> WORK REQUIRED: Give the data below again, word for word.

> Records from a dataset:
=======

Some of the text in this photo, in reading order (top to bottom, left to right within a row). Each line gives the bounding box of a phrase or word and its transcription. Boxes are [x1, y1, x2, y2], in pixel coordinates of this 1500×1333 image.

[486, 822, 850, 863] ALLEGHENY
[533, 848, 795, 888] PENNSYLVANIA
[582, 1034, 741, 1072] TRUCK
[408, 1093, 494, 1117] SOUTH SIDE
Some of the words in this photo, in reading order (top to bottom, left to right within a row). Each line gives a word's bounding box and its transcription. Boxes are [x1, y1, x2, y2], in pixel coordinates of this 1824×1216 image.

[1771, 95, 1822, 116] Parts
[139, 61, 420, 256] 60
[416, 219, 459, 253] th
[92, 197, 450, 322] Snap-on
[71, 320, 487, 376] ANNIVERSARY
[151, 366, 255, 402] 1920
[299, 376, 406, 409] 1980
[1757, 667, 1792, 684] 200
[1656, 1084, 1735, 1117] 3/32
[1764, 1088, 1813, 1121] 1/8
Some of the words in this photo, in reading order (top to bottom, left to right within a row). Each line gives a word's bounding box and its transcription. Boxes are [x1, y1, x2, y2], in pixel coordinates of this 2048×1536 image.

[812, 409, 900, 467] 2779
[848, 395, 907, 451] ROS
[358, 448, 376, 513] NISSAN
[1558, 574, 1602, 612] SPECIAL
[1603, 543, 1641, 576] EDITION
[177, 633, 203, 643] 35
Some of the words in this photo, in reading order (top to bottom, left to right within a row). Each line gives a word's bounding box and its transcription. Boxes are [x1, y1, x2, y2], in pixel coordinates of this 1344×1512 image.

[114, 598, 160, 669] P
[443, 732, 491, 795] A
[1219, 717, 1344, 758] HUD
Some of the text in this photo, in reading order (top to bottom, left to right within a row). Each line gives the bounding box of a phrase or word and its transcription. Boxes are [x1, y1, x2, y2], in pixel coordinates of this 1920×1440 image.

=======

> RESULT FOR THIS EXERCISE:
Some of the text in this photo, in reading order (top to bottom, left to right within a row). Each line gives the bounding box of a phrase or word and its transcription. Boxes are [x1, y1, x2, y2], in pixel coordinates of this 1500×1333 image.

[486, 822, 850, 863] ALLEGHENY
[533, 848, 795, 888] PENNSYLVANIA
[582, 1034, 741, 1072] TRUCK
[408, 1093, 494, 1117] SOUTH SIDE
Some of the words in this photo, in reading order (top to bottom, left to right within a row). Each line gives a word's bounding box and its transcription. Boxes are [x1, y1, x2, y2], in pixel coordinates of this 1824×1216 image.

[1771, 95, 1822, 116] Parts
[139, 61, 420, 256] 60
[416, 219, 459, 253] th
[92, 197, 450, 322] Snap-on
[71, 320, 487, 376] ANNIVERSARY
[151, 366, 255, 402] 1920
[299, 376, 406, 409] 1980
[1757, 667, 1792, 684] 200
[1656, 1084, 1735, 1117] 3/32
[1764, 1088, 1813, 1121] 1/8
Some of the words in this photo, in reading order (top to bottom, left to right within a row). Each line gives a word's bounding box and its transcription. Boxes are [x1, y1, x2, y2], in pixel coordinates of this 2048×1536 image.

[812, 409, 900, 467] 2779
[848, 395, 907, 451] ROS
[358, 448, 376, 513] NISSAN
[1558, 574, 1602, 612] SPECIAL
[1603, 543, 1641, 576] EDITION
[177, 633, 203, 643] 35
Some of the words in this photo, in reading order (top to bottom, left to right within a row). Each line gives a word's bounding box and its transcription. Boxes are [x1, y1, x2, y2], in pixel coordinates of this 1344×1512 image.

[114, 598, 160, 669] P
[443, 732, 491, 795] A
[1219, 717, 1344, 758] HUD
Some of the text in this photo, in reading order (top to bottom, left to right within a row). Each line gives the bounding box of a phrase or word and its transcription. Boxes are [x1, y1, x2, y2], in pixel coordinates of this 1920×1440 image.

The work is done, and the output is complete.